2. Three types of bone :

a. Cribriform plate (alveolar bone proper)

(1) Directly lines and forms the tooth socket. It is compact bone that contains many holes, allowing for the passage of blood vessels. It has no periosteum.

(2) Serves as the attachment site for PDL (Sharpey’s) fibers.

(3) The tooth socket is constantly being remodeled in response to occlusal forces. The bone laid down on the cribriform plate, which also provides attachment for PDL fibers, is known as bundle bone.

(4) It is radiographically known as the lamina dura.

b. Cortical (compact) bone

(1) Lines the buccal and lingual surfaces of the mandible and maxilla.

(2) Is typical compact bone with a periosteum and contains Haversian systems.

(3) Is generally thinner in the maxilla and thicker in the mandible, especially around the buccal area of  the mandibular premolar and molar.

c. Trabecular (cancellous, spongy) bone

(1) Is typical cancellous bone containing Haversian systems.

(2) Is absent in the maxillary anterior teeth region.

3. Alveolar crest (septa)

a. The height of the alveolar crest is usually 1.5 to 2 mm below the CEJ junction.

b. The width is determined by the shape of adjacent teeth.

(1) Narrow crests—found between teeth with relatively flat surfaces.

(2) Widened crests—found between teeth with convex surfaces or teeth spaced apart.

MANDIBULAR CENTRAL INCISORS

These are the first permanent teeth to erupt, replacing deciduous teeth, and are the smallest teeth in either arch

Facial Surfaces:-The facial surface of the mandibular central incisor is widest at the incisal edge. Both the mesial and the distal surfaces join the incisal surface at almost a 90° angle. Although these two surfaces are nearly parallel at the incisal edge, they converge toward the cervical margin. The developmental grooves may or may not be present. When present, they appear as very faint furrows.

Lingual: The lingual surface has no definite marginal ridges. The surface is concave and the cingulum is minimal in size.

Proximal: Both mesial and distal surfaces present a triangular outline.

Incisal: The incisal edge is at right angles to a line passing labiolingually through the tooth reflecting its bilateral symmetry.

Root Surface:-The root is slender and extremely flattened on its mesial and distal surfaces.
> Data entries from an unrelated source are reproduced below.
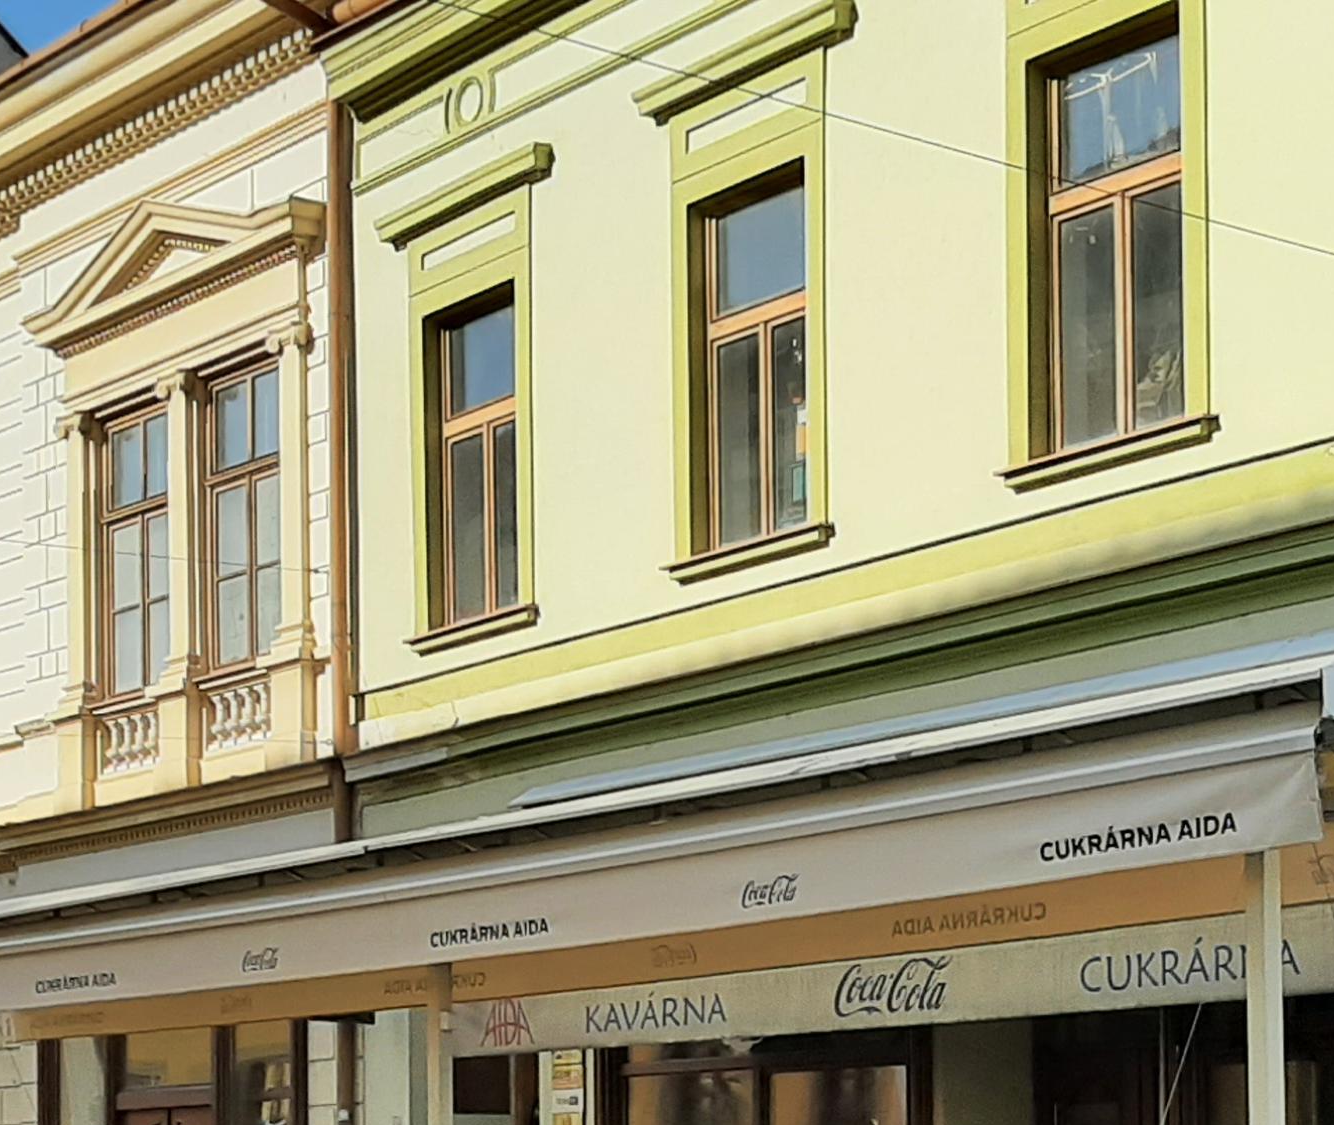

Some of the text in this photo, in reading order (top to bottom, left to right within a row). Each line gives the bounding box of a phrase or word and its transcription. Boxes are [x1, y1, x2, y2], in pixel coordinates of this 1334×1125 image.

[1040, 812, 1237, 861] CUKRÁRNA AIDA
[430, 917, 549, 947] CUKRÁRNA AIDA
[92, 971, 117, 988] AIDA
[833, 955, 953, 1017] Coca-Cola
[1080, 937, 1301, 992] CUKRÁRA
[480, 991, 727, 1047] AIDA KAVÁRNA
MANDIBULAR SECOND BICUSPID

Facial: From this aspect, the tooth somewhat resembles the first, but the buccal cusp is less pronounced. The tooth is larger than the first.

Lingual: Two significant variations are seen in this view. The most common is the three-cusp form which has two lingual cusps. The mesial of those is the larger of the two. The other form is the two-cusp for with a single lingual cusp. In that variant, the lingual cusp tip is shifted to the mesial.
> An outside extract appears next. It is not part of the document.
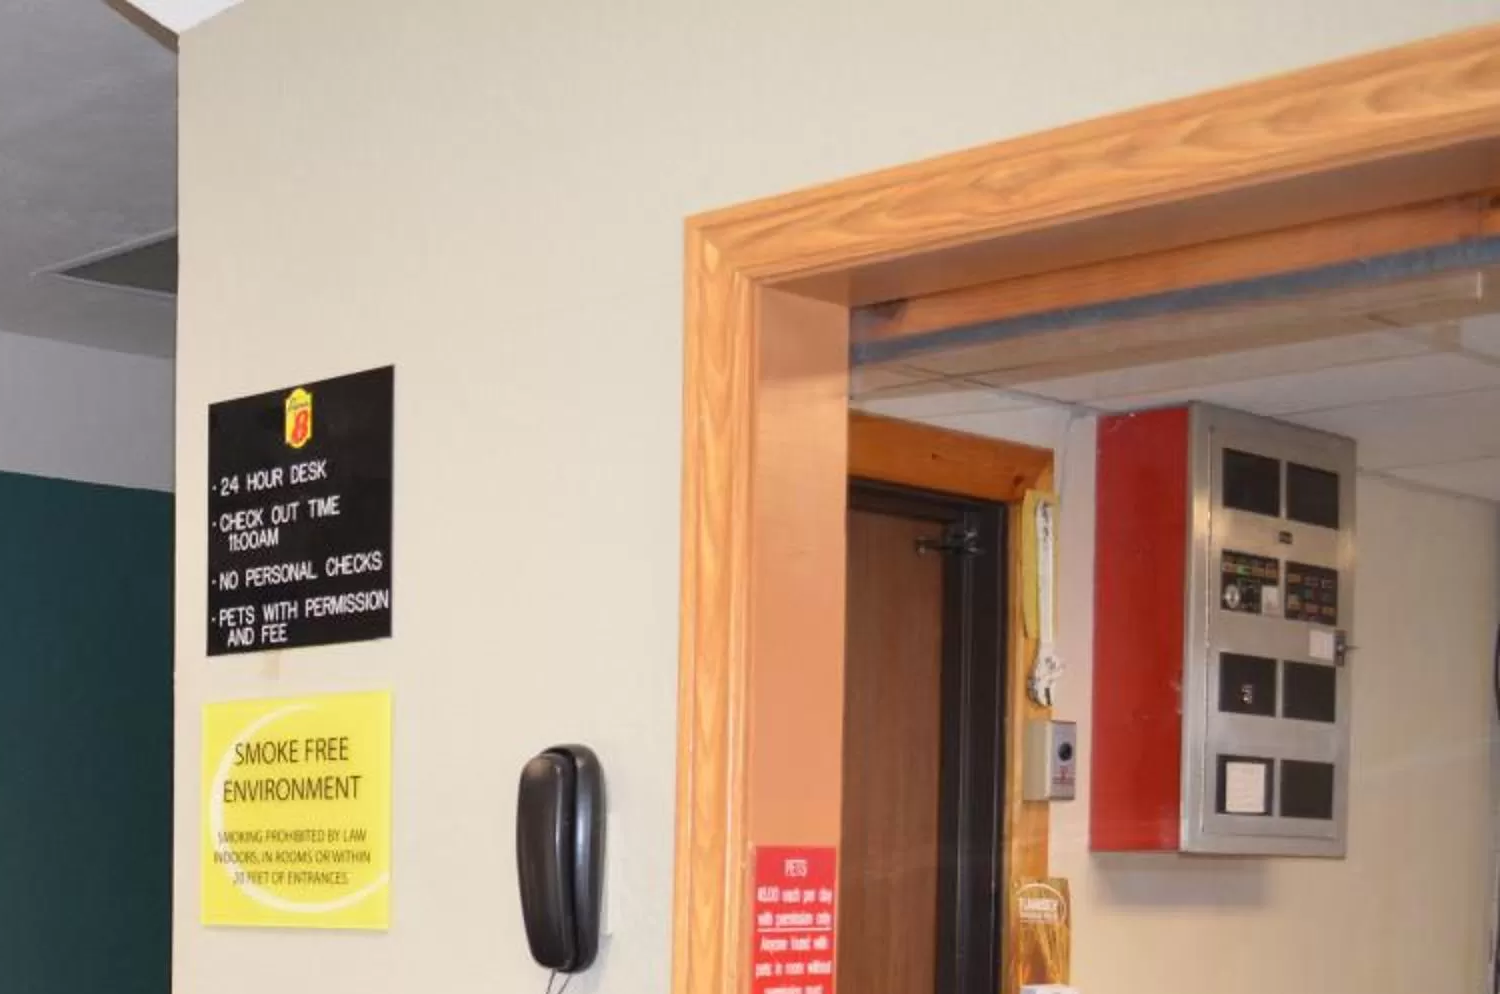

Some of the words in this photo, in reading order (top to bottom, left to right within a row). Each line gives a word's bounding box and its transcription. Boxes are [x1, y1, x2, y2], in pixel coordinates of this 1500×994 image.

Proximal: The buccal cusp is shorter than the first. The lingual cusp (or cusps) are much better developed than the first and give the lingual a full, well-developed profile.

Occlusal: The two or three cusp versions become clearly evident. In the three-cusp version, the developmental grooves present a distinctive 'Y' shape and have a central pit. In the two cusp version, a single developmental groove crosses the transverse ridge from mesial to distal

Contact Points; Height of Curvature: From the facial, the mesial contact is more occlusal than the distal contact.The distal marginal ridge is lower than the mesial marginal ridge

Root Surface:-The root of the tooth is single, that is usually larger than that of the first premolar  

the lower second premolar is larger than the first, while the upper first premolar is just slightly larger than the upper second

There may be one or two lingual cusps

Periodontal ligament development

Cells from the dental follicle give rise to the periodontal ligaments (PDL).

Formation of the periodontal ligaments begins with ligament fibroblasts from the dental follicle. These fibroblasts secrete collagen, which interacts with fibers on the surfaces of adjacent bone and cementum. This interaction leads to an attachment that develops as the tooth erupts into the mouth. The occlusion, which is the arrangement of teeth and how teeth in opposite arches come in contact with one another, continually affects the formation of periodontal ligaments. This perpetual creation of periodontal ligaments leads to the formation of groups of fibers in different orientations, such as horizontal and oblique fibers.